Una plataforma digital integral de permisos respaldada por la IA podría reducir drásticamente esos riesgos. Cada presentación tendría una marca de tiempo. Cada revisión quedaría registrada. Los criterios de decisión podrían estandarizarse y ser accesibles al público. Las pistas de auditoría dificultarían mucho más las modificaciones silenciosas.

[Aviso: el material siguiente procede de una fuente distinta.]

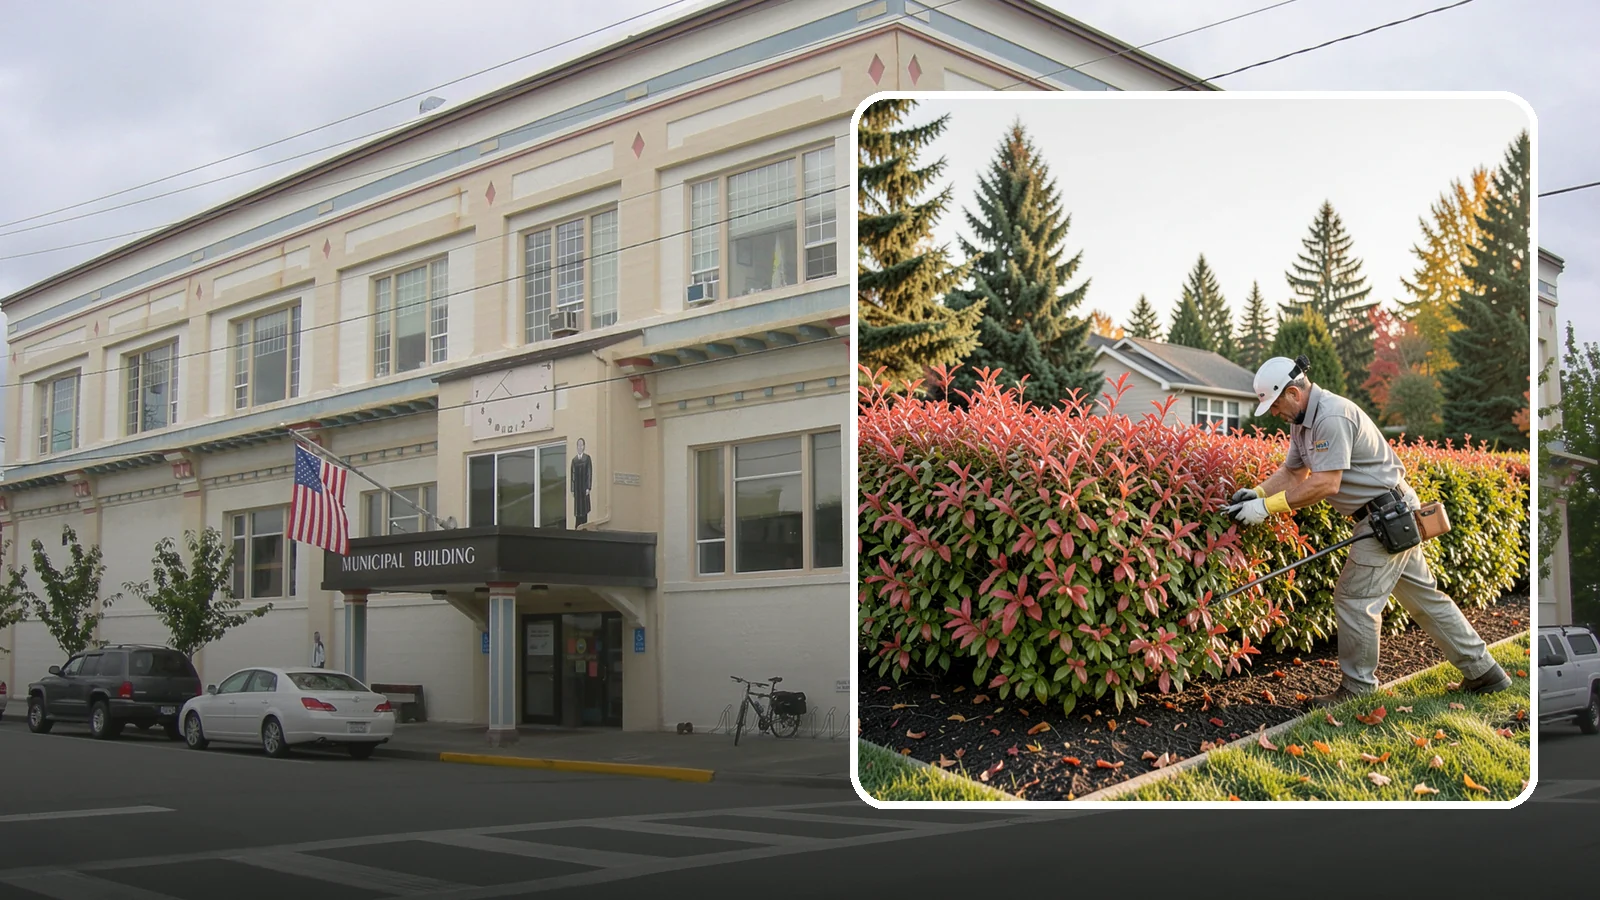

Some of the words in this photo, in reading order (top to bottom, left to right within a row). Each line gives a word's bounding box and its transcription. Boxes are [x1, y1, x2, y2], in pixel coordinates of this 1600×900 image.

[494, 424, 500, 432] 10
[342, 552, 405, 572] MUNICIPAL
[414, 546, 475, 567] BUILDING
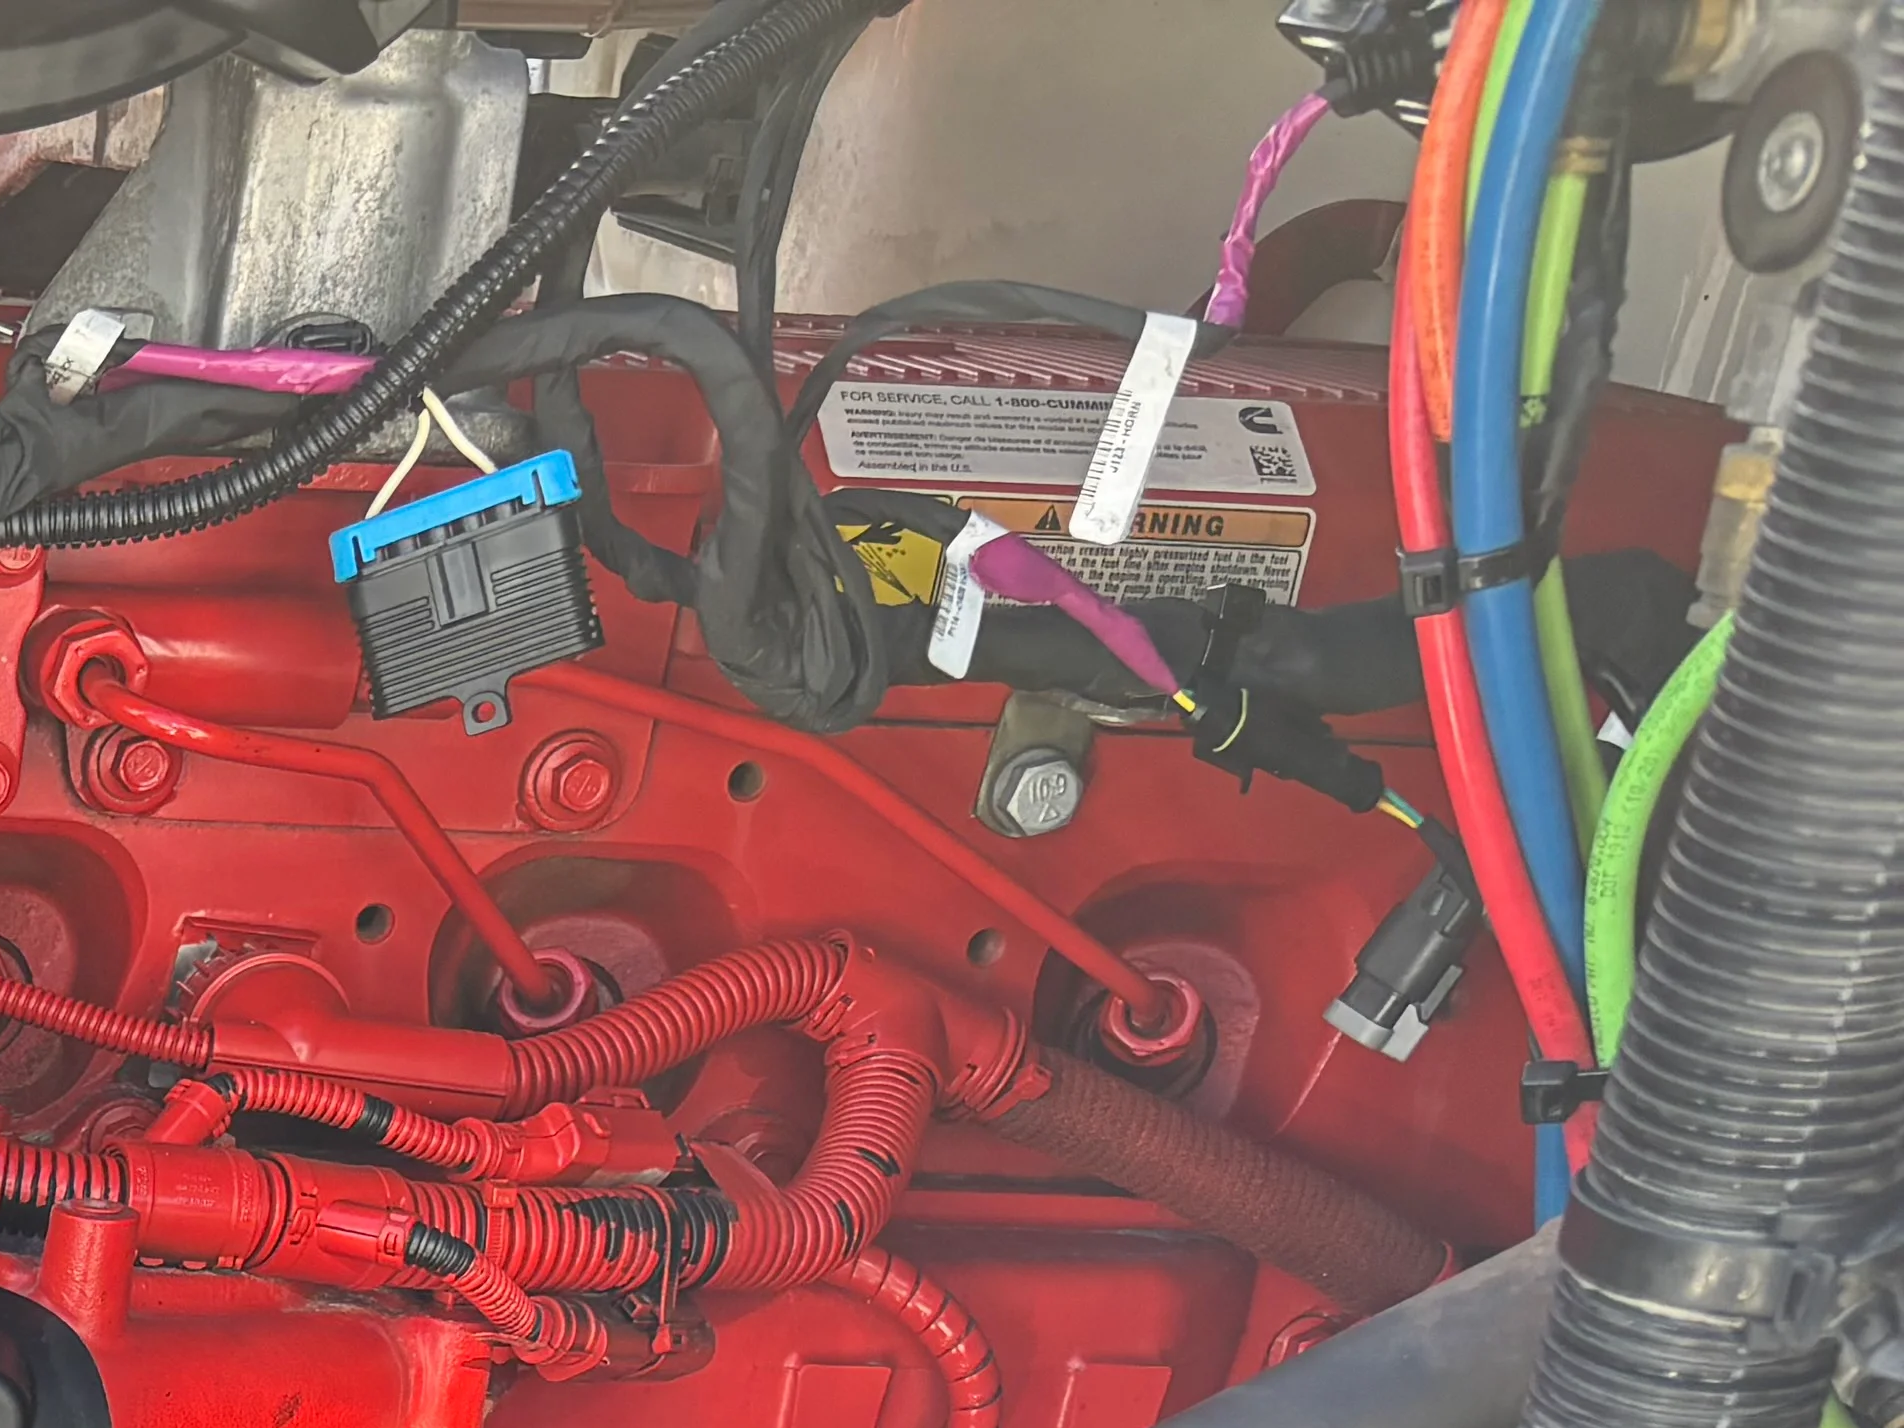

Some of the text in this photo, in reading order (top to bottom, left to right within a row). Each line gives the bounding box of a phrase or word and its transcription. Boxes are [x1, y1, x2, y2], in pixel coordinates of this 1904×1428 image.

Las herramientas analíticas podrían señalar retrasos inusuales o desviaciones de los precedentes. Al reducir el espacio discrecional opaco, México podría reducir el riesgo de corrupción y reforzar la credibilidad institucional.
El factor crítico es el diseño de la gobernanza: la IA debe funcionar con supervisión humana, una rendición de cuentas clara y total transparencia. Si se estructura adecuadamente, se convierte en una herramienta de fortalecimiento institucional en lugar de dilución normativa.
Competitividad o estancamiento
Si México moderniza su marco normativo mediante la transparencia y la eficiencia que ofrece la inteligencia artificial, reforzará la confianza de los inversores, acelerará el desarrollo de las infraestructuras y consolidará su posición estratégica dentro de las cadenas de suministro en evolución de la región. Pero si decide no actuar, las consecuencias son igualmente claras: plazos de ejecución de los proyectos más largos, menor competitividad con respecto a Estados Unidos y Canadá, opacidad administrativa continuada y mantenimiento de espacios discrecionales en los que prosperan la incertidumbre y la influencia informal.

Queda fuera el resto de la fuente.